News  |  By Alexandra Wilson Pecci  
   October 04, 2017

The program also reduced hospital admissions and increased the use of primary care doctors. 

A community-based program that helped high ED users get things like household resources, access to transportation, and help applying for assistance programs reduced ED visits and hospital admissions, finds new research.

It also increased the use of primary care doctors, according to the study published in the journal Health Affairs.

"Many programs have tried to tackle the problem of high utilizers of hospital emergency departments. These are usually people who are on Medicaid," the study's first author Roberta Capp, MD, an assistant professor of emergency medicine at the University of Colorado School of Medicine, said in a statement. "But this is the first program to show that care coordination actually works."

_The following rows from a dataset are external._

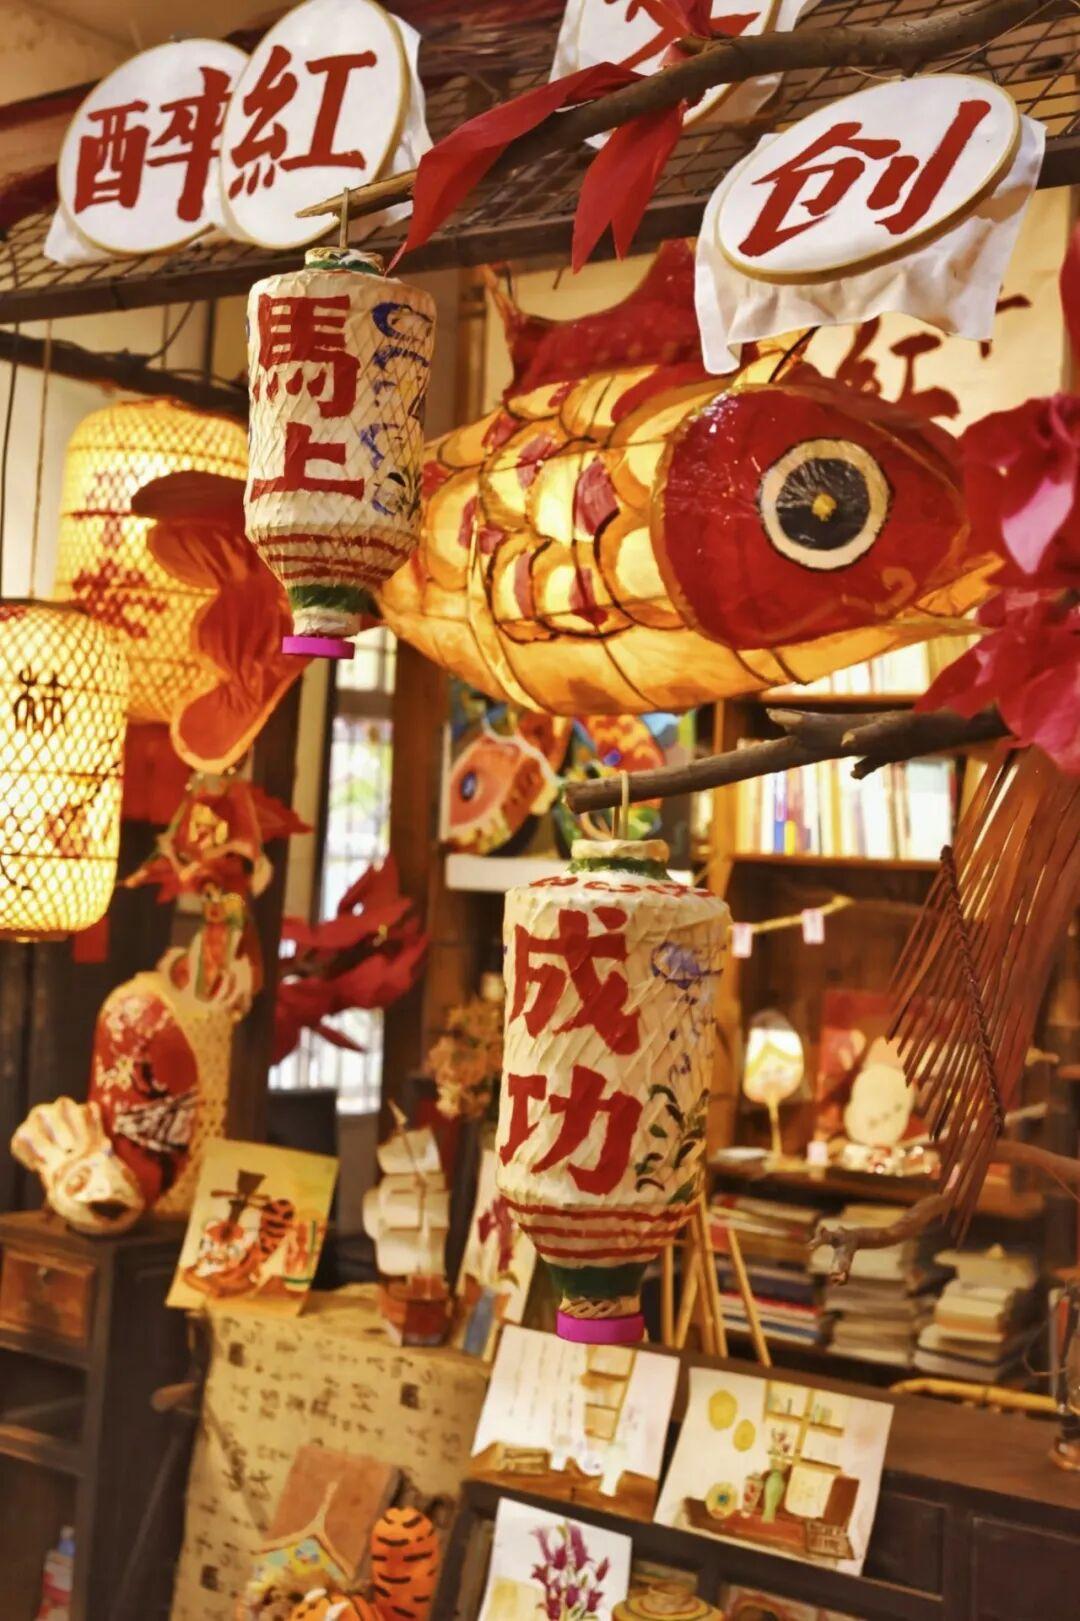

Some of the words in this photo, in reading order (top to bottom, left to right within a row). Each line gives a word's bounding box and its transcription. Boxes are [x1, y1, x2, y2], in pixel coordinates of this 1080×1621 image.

[73, 66, 234, 222] 醉
[228, 44, 378, 200] 紅
[250, 293, 365, 502] 馬上
[499, 906, 642, 1196] 成功
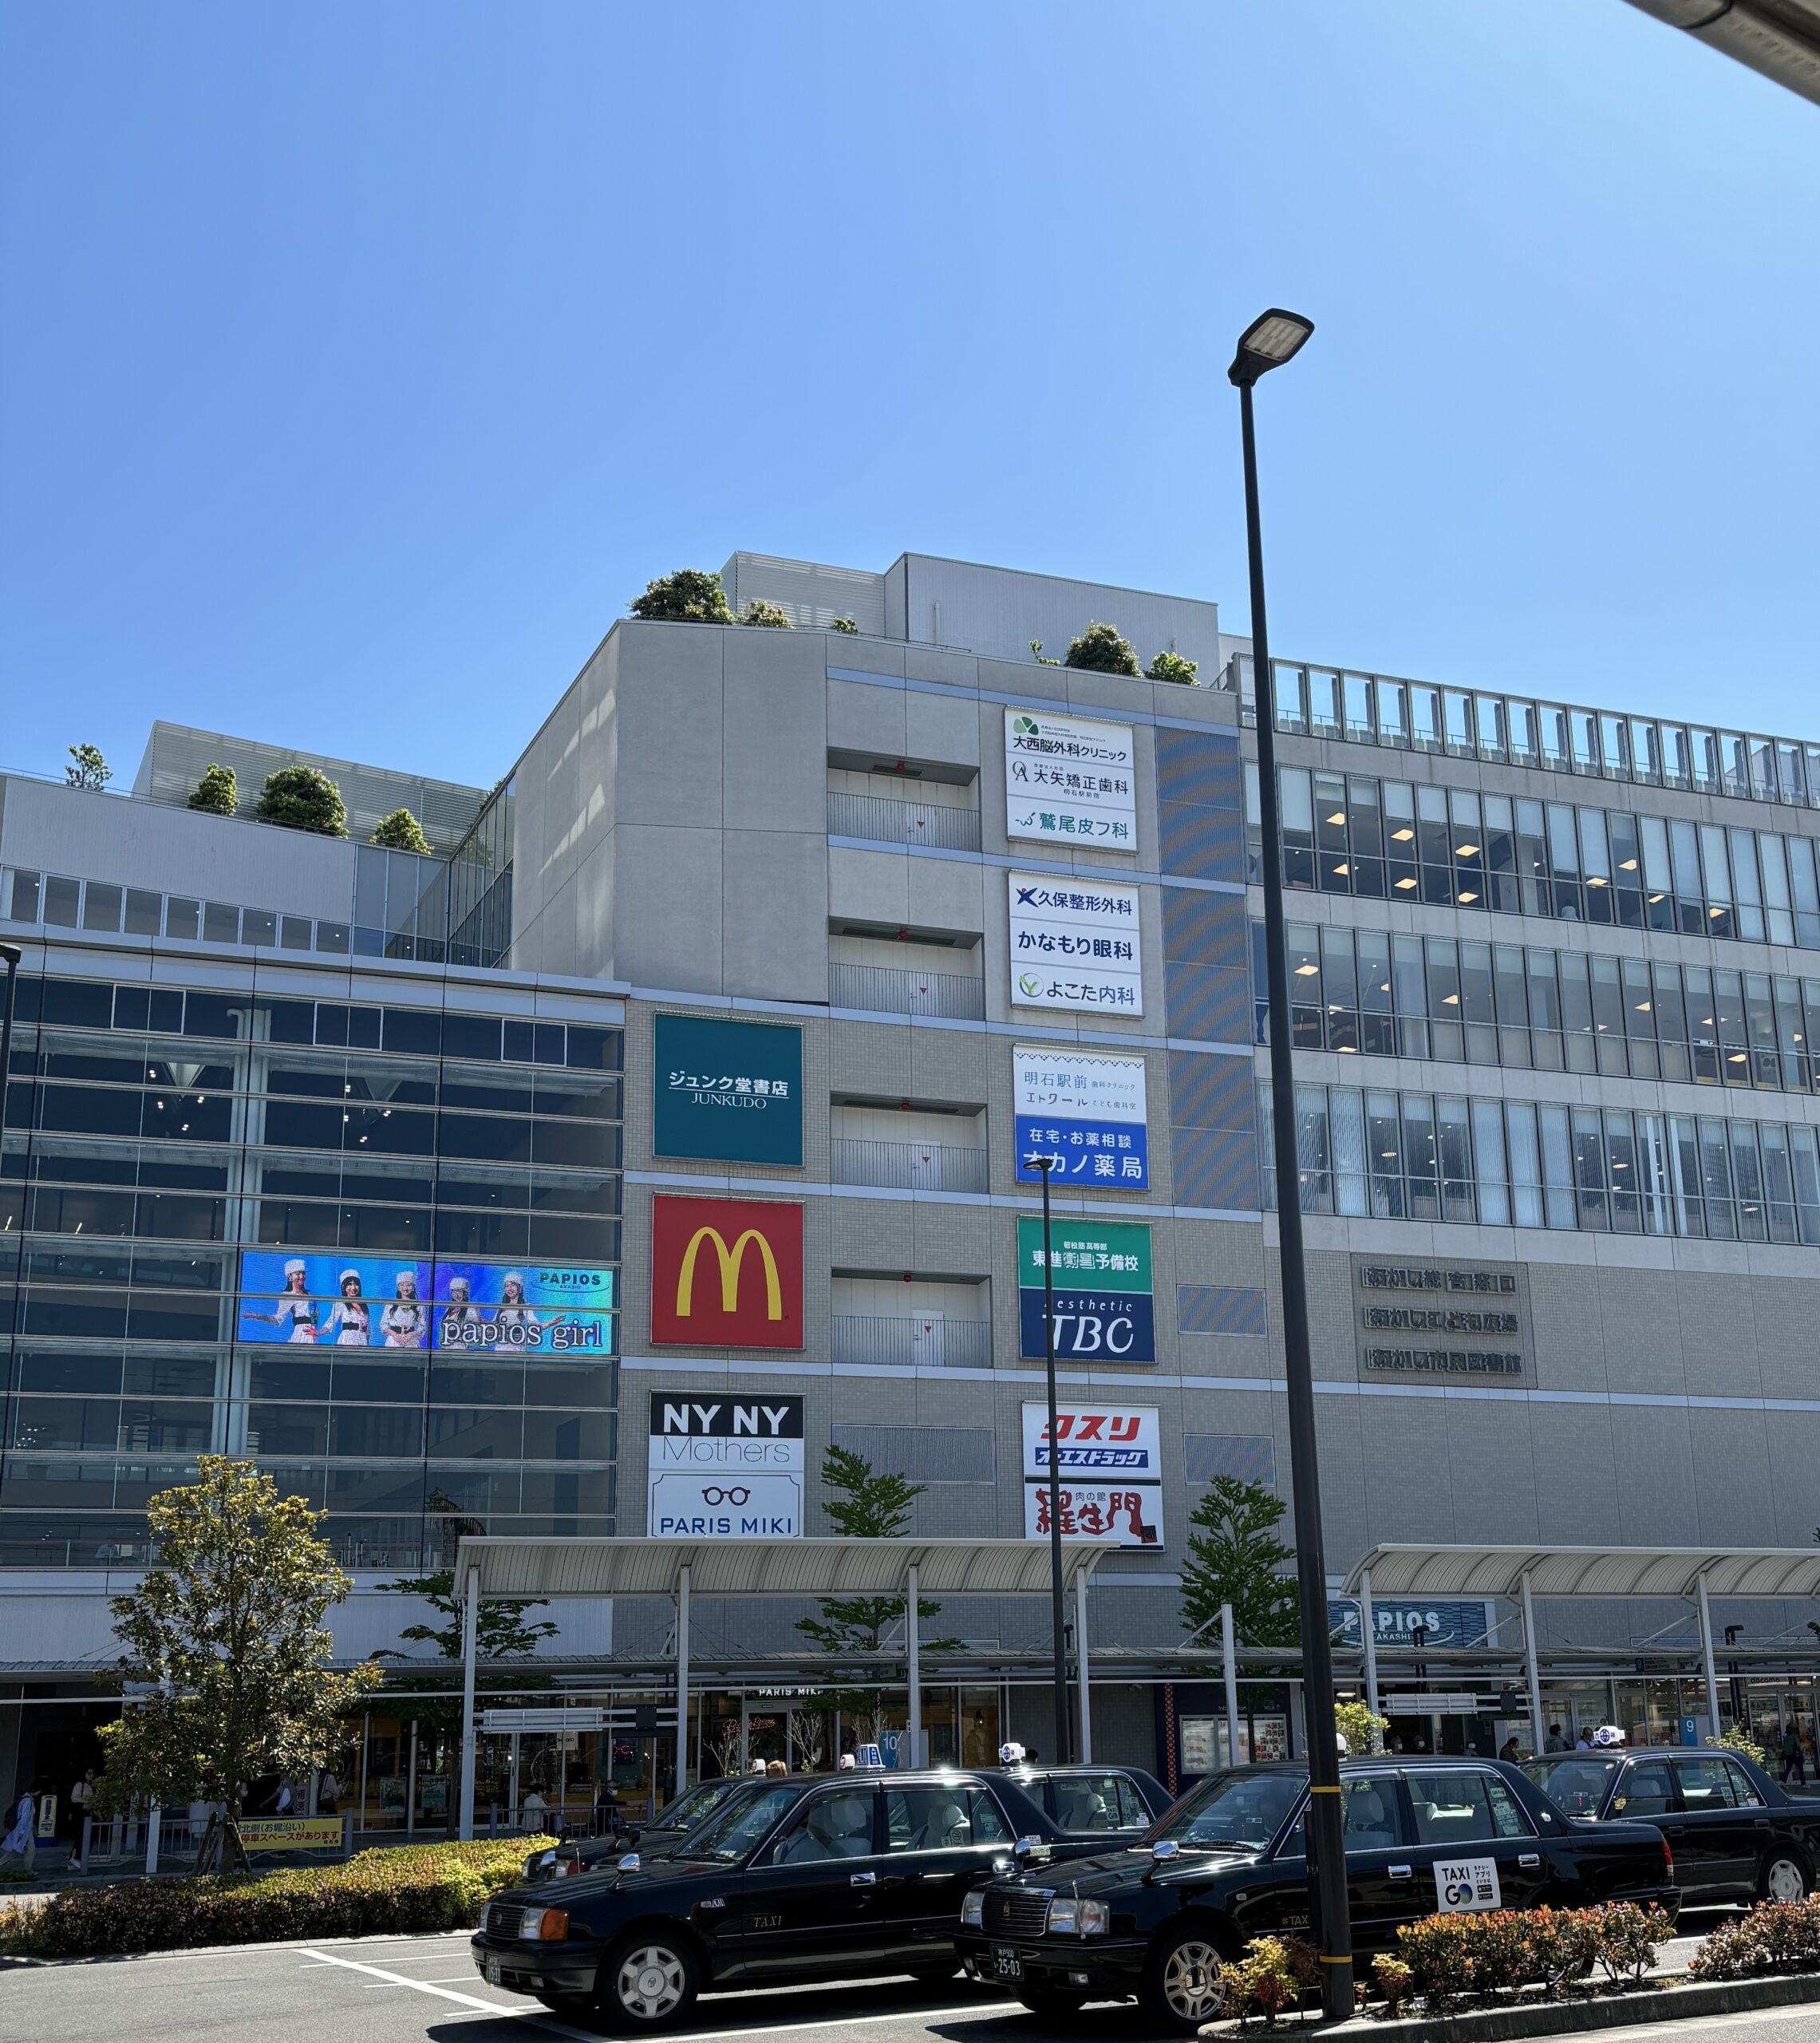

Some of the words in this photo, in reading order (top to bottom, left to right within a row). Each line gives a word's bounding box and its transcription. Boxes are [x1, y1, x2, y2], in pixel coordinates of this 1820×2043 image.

[1013, 736, 1126, 761] 大西脳外科クリニック
[1034, 769, 1128, 795] 大矢矯正歯科
[1064, 788, 1100, 799] 明石駅前院
[1040, 812, 1129, 840] 鷲尾皮フ科
[1038, 890, 1132, 916] 久保整形外科
[1018, 931, 1133, 961] かなもり眼科
[1047, 981, 1135, 1006] よこた内科
[669, 1070, 789, 1097] ジュンク堂書店
[1024, 1071, 1088, 1089] 明石駅前
[1092, 1081, 1135, 1092] 歯科クリニック
[691, 1093, 767, 1109] JUNKUDO
[1026, 1092, 1088, 1107] エトワール
[1029, 1128, 1131, 1149] 在宅・お薬相談
[539, 1272, 601, 1286] PAPIOS
[1044, 1298, 1133, 1312] esthetic
[441, 1315, 541, 1347] papios
[552, 1319, 602, 1349] girl
[1042, 1314, 1134, 1353] TBC
[664, 1403, 722, 1434] NY
[733, 1405, 790, 1435] NY
[1040, 1414, 1141, 1441] クスリ
[663, 1436, 790, 1463] Mothers
[1037, 1449, 1146, 1466] オエスドラッグ
[1076, 1492, 1107, 1502] 肉の館
[661, 1518, 731, 1534] PARIS
[741, 1518, 792, 1534] MIKI
[1686, 1720, 1694, 1733] 9
[883, 1736, 898, 1750] 10
[1441, 1866, 1471, 1881] TAXI
[1445, 1883, 1473, 1906] GO
[754, 1915, 782, 1927] TAXI
[1289, 1915, 1310, 1926] TAX

Capp and her team used and evaluated Bridges to Care (B2C), an ED-initiated, community-based program. It was one of four sites funded by a CMS Innovations grant. The program was led by Rutgers University Center for State Health Policy and developed in collaboration with four Colorado stakeholders including an urban academic hospital, a network of 13 local federally qualified health centers, a mental health clinic and a community advocacy organization.

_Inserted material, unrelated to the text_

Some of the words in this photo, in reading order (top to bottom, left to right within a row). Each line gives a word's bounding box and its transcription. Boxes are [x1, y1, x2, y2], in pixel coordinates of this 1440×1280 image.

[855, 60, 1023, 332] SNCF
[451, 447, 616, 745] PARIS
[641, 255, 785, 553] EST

The B2C program targeted Medicaid-eligible high ED users, defined as adults who had two or more ED visits or hospital admissions within the last 180 days.

These patients got a personally tailored, 60-day care plan that included housing help, refugee services, and access to transportation. They also got help applying for insurance and disability benefits, setting up medical appointments, and filling prescriptions, among other services.

During the six months after B2C enrollment, the participants had:

  • 29.7% fewer ED visits
  • 30% less hospitalizations
  • 123% more primary care visits than the control subjects

"There is a perspective from multiple stakeholders that high users of the ED are difficult patients," Capp said. "But this study shows that patients use the ED because of there are serious barriers to care.”

Those barriers can include multiple chronic diseases, including mental illness, the authors said.

Although care coordination has been shown to reduce costs, other programs aimed at reducing ED usage have been only hospital based and have had mixed results, the researchers said.

The difference with the B2C intervention is that it combines active ED outreach with multidisciplinary, community-based services, including a care coordinator, a health coach, a behavioral health specialist, a community health worker, and frequent home visits.

"We believe that our success stems from bringing together different healthcare systems, breaking down silos between disciplines and focusing on continuity of care in the outpatient setting," Capp said.

"We learned that active outreach in the ED is key to ensuring successful high utilizer and enrollment and engagement," the study said.

Alexandra Wilson Pecci is an editor for HealthLeaders.